Ordinarily, a macrophage which has swallowed TB but can't destroy it may destroy itself in order to also destroy the invader. Biologists call this self-destruct sequence apoptosis, but large amounts of carbon monoxide can shut it down.

The reason this is important is because of the environment we live in.

It's one thing to study TB in the lab and another to generalize that to humans. We don't yet know how the TB dormancy genes work in humans or what else happens inside the body, Steyn said, but the hypothesis is that if people inhale large amounts of carbon monoxide - from cigarettes or indoor air pollution - that may shut down apoptosis in those macrophages and induce reactivation of TB.

"Cigarette smoke contains vast amounts of carbon monoxide as well as nitric oxide, too," Steyn said. And smoking is strongly associated with the presence of tuberculosis, he said. Scientists know it affects the ability of macrophages to swallow invading organisms.

The same relationship can be seen elsewhere in the world. Asians have a high proportion of TB cases, and Steyn said that about 80 percent of the Chinese population smokes. In India smoking is widespread, and many rural people rely on wood or other vegetative matter for cooking fuel, and that generates large amounts of carbon monoxide. In the Western world, we have automobiles which produce large quantities of nitrous oxides; generally we worry about them because they form smog.

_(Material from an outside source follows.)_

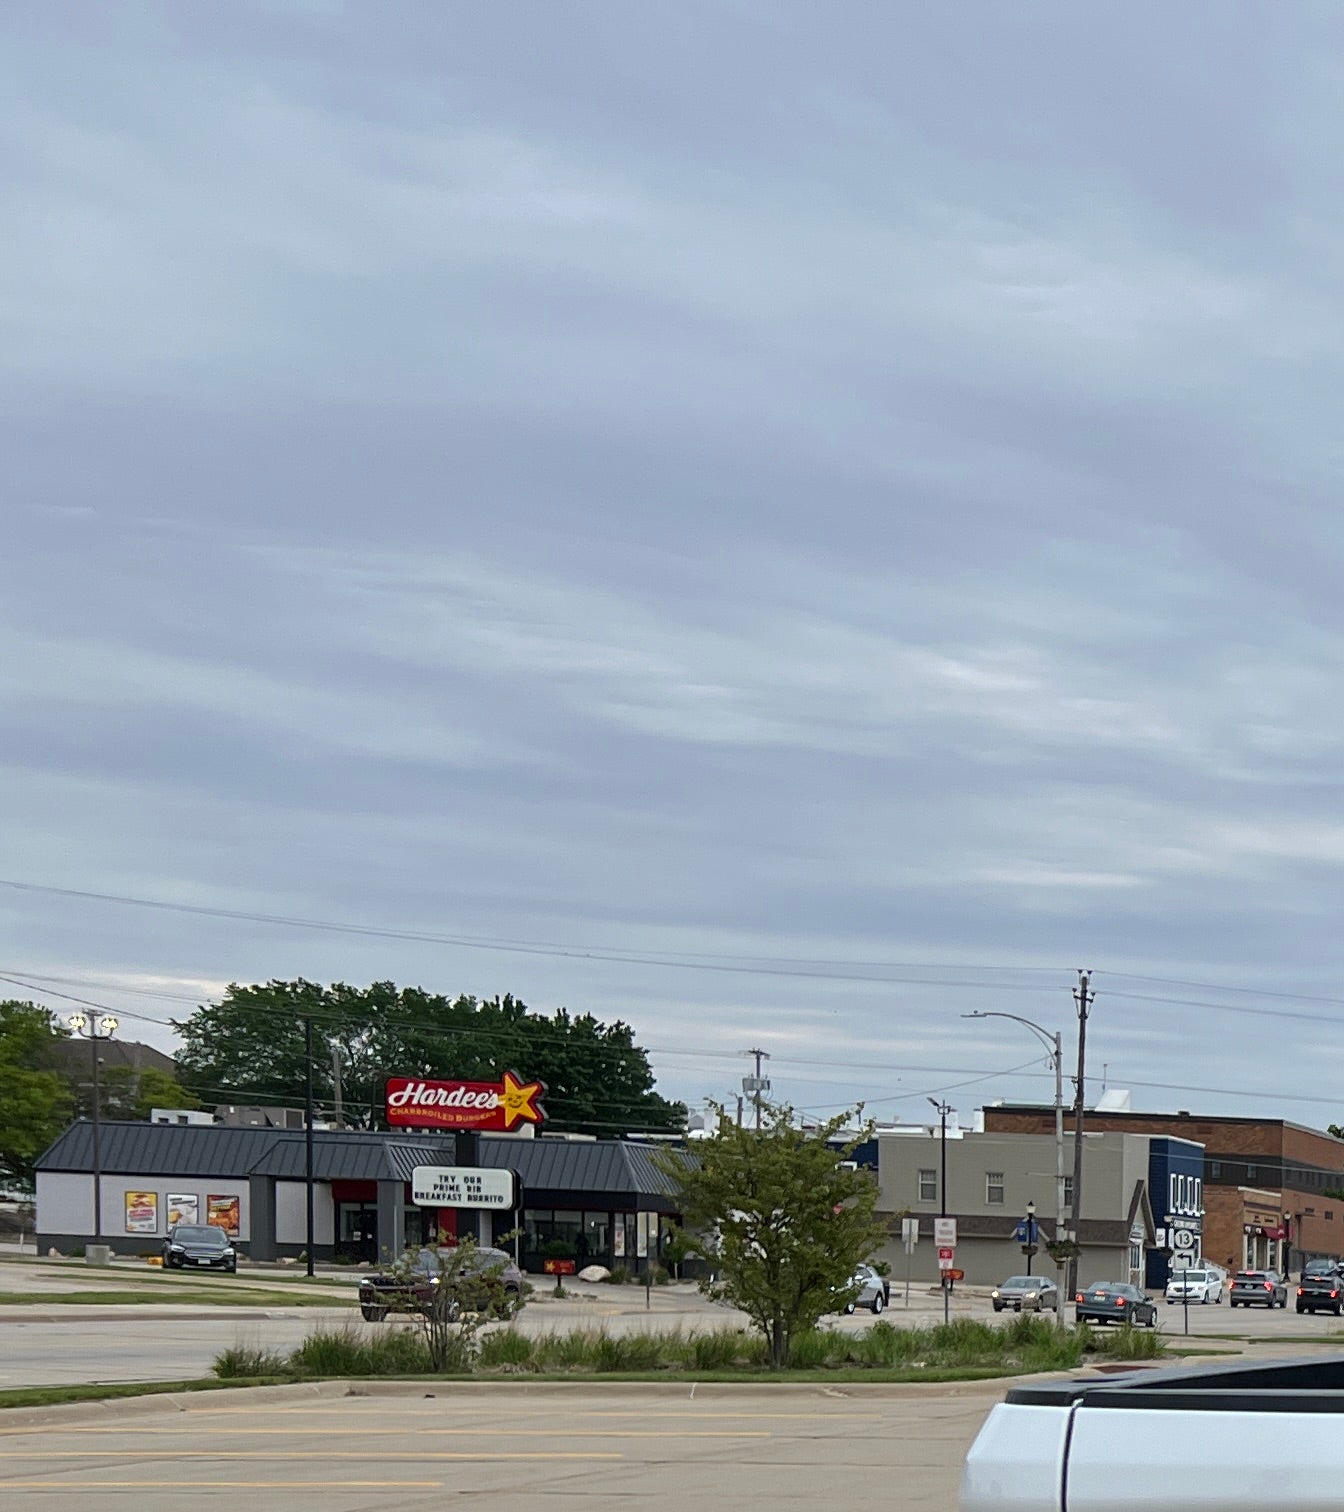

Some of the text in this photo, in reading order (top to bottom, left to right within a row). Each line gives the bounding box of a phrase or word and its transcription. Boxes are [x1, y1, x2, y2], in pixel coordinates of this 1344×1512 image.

Many people seem to think that TB is part of the past, Hicks said. And our memory of it does come out of the era of hoop skirts, corsets and dressing for dinner at 8. During the 19th and early 20th centuries tuberculosis was the nation's leading cause of death with estimates of 450 deaths per day. But unlike hoop skirts, corsets, and dressing for dinner, tuberculosis hasn't faded with the yellowed pages of history.